In my practice, I often gather the shipwrecked victims of these enslaving relationships. They are sent to me by concerned loved ones or doctors. Some are considered hopeless cases, but I know deep down that there is always a way out. I often tell my patients that freedom can flow through anything.

In her case, she began developing her own identity, outside of her father’s control, by little acts of rebellion – sometimes openly defying him, stealing keys to explore forbidden parts of the house and finding unread books there, igniting further her love of literature, squirreling away paper to write stories that exercise her imagination and hiding them, throwing herself into her music studies, and deeply loving the animals she’s allowed to care for on the estate. This was also a touching element, and probably what allowed her to always feel capable of love and connection. I wanted to give her a million hugs so badly. Thanks to her preparations in these little but actually huge ways, she’s ready when an outside figure able to offer help crosses her path.
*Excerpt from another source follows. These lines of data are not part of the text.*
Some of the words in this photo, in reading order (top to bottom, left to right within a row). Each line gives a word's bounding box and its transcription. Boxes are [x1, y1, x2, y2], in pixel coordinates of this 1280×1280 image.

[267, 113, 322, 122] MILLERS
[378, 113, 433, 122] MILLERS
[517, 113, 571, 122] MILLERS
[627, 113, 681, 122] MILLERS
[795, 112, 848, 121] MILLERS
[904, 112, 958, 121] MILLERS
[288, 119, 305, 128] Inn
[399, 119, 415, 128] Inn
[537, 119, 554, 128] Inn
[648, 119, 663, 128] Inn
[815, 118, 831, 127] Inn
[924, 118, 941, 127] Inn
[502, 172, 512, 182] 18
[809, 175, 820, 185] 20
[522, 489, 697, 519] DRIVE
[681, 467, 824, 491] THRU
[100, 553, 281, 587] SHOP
I’m so impressed with what she accomplished and what good she’s managed to bring into the world despite a beginning in life that no one deserves. This is so worth reading just for that reassurance of what humans are capable of.
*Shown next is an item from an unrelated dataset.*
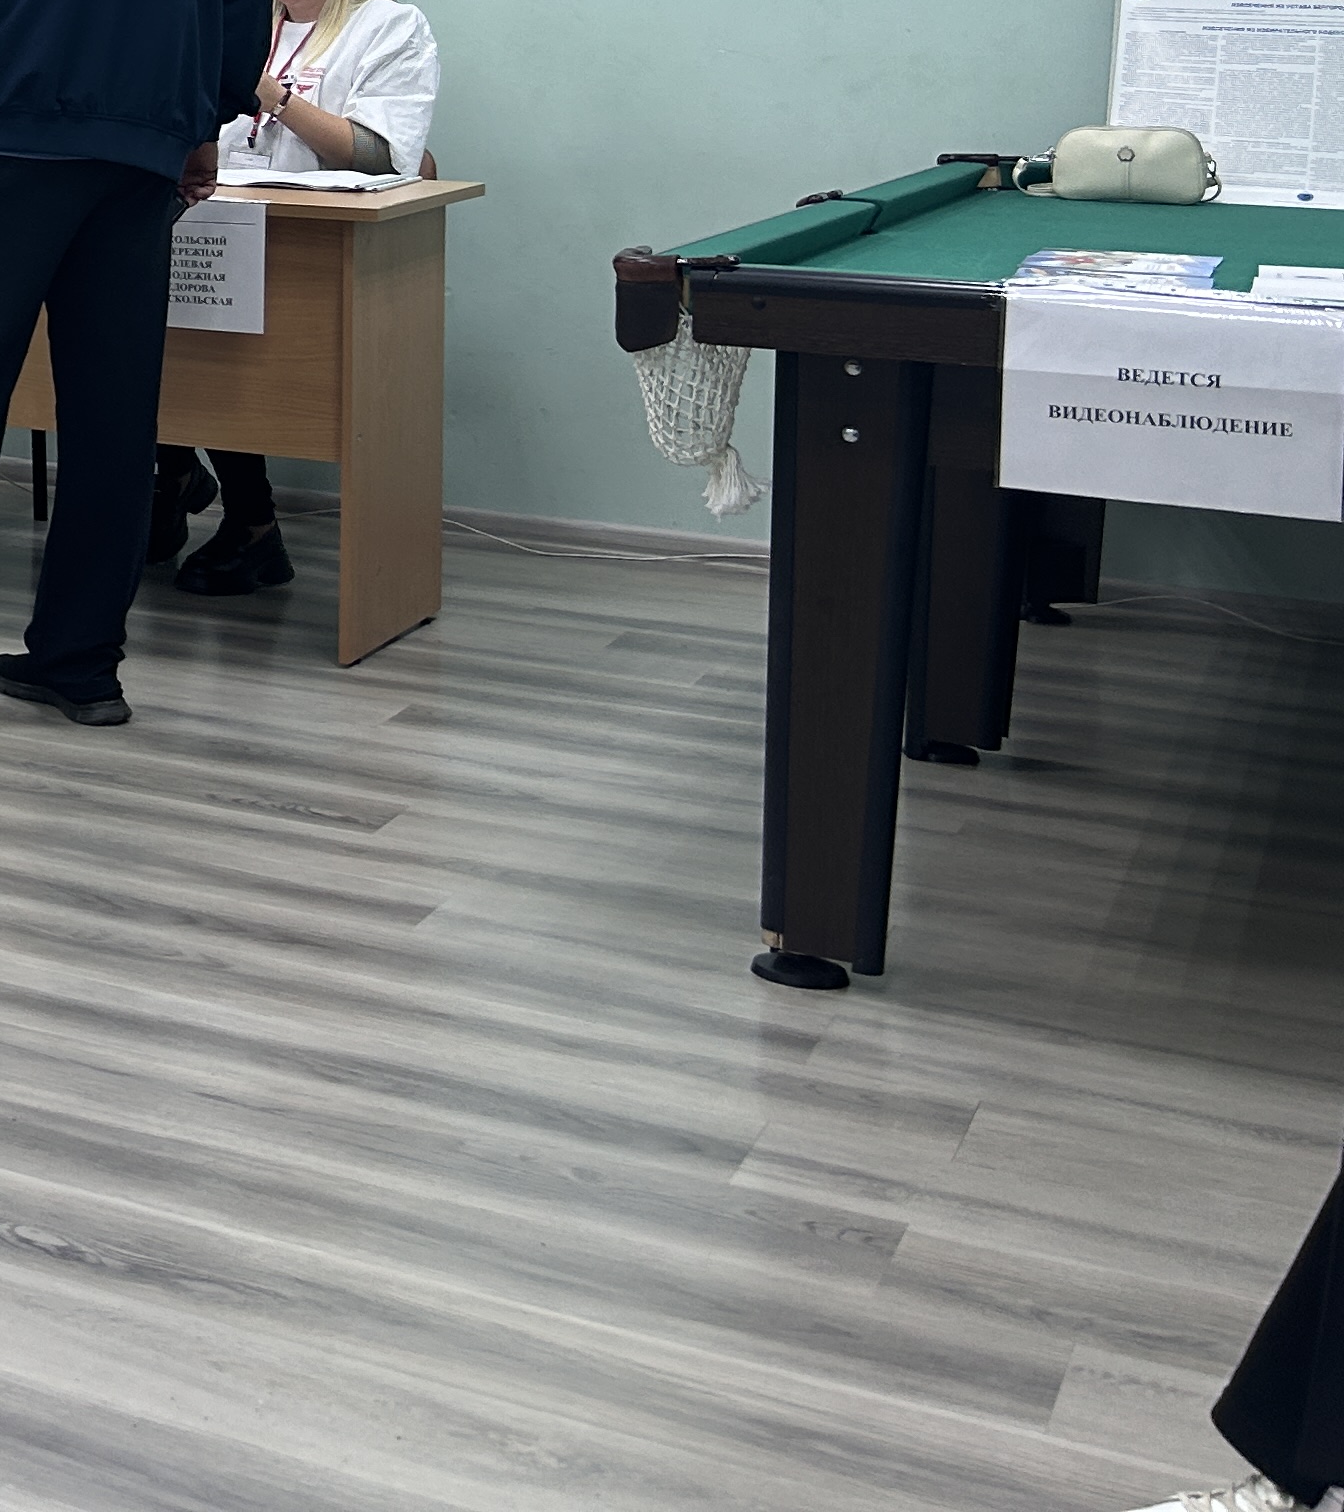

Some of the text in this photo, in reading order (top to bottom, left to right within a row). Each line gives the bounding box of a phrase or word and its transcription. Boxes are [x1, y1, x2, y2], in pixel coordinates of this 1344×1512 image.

[170, 283, 216, 293] ДОРОВА
[1117, 367, 1222, 389] ВЕДЕТСЯ
[1048, 404, 1293, 437] ВИДЕОНАБЛЮДЕНИЕ
My only complaint is that it ends abruptly as a new phase of her life begins, and I was left wondering how she’d adapted, what that transition was like.

There’s another lesson in it all too, where she gently reminds that you don’t know what’s behind another person’s hesitation, discomfort, or seemingly odd behavior: “It’s impossible to overstate how much a simple smile can change a life, and how one word or one aggressive look can darken the world.”

Not to give too much away, but I wanted to share the last words of the book, because I think after considering so much that’s dark and depressing, it helps to think of the light someone still managed to find, despite this treatment:

Human beings are extraordinary.

Verdict: 4.5/5

The Only Girl in the World: A Memoir
by Maude Julien, with Ursula Gauthier
translated by Adriana Hunter
published December 12, 2017 by Little, Brown
originally published in French in 2014

Amazon / Book Depository

7 thoughts on “A Light in the Darkest Places

Add yours

  1. Oh wow, for a moment i had to double check if this was fiction or not. This sounds very interesting, specially since she is not telling this from a dark place (if i understood correctly). Great review! I’ll check this one out

    Liked by 1 person

    1. Thank you so much! It reads like fiction, it’s so well done, and with her experiences it’s so hard to believe someone actually went through and survived this. It’s so worth reading, I really recommend it. She’s not telling it from a dark place, but the stories are inarguably very dark, even hard to read at times. I didn’t even touch here on all of what’s described. But what impressed me so much is what she’s taken from these experiences and done with her life. She tells this story not to shock or gain sympathy or whatever other motivation could be connected to this horror, but to show the better side of humanity instead. It impressed me so much! I really hope you read and enjoy it (although yeah, in much of it I wouldn’t say it’s enjoyable 😧) it’s just so worthwhile in the end.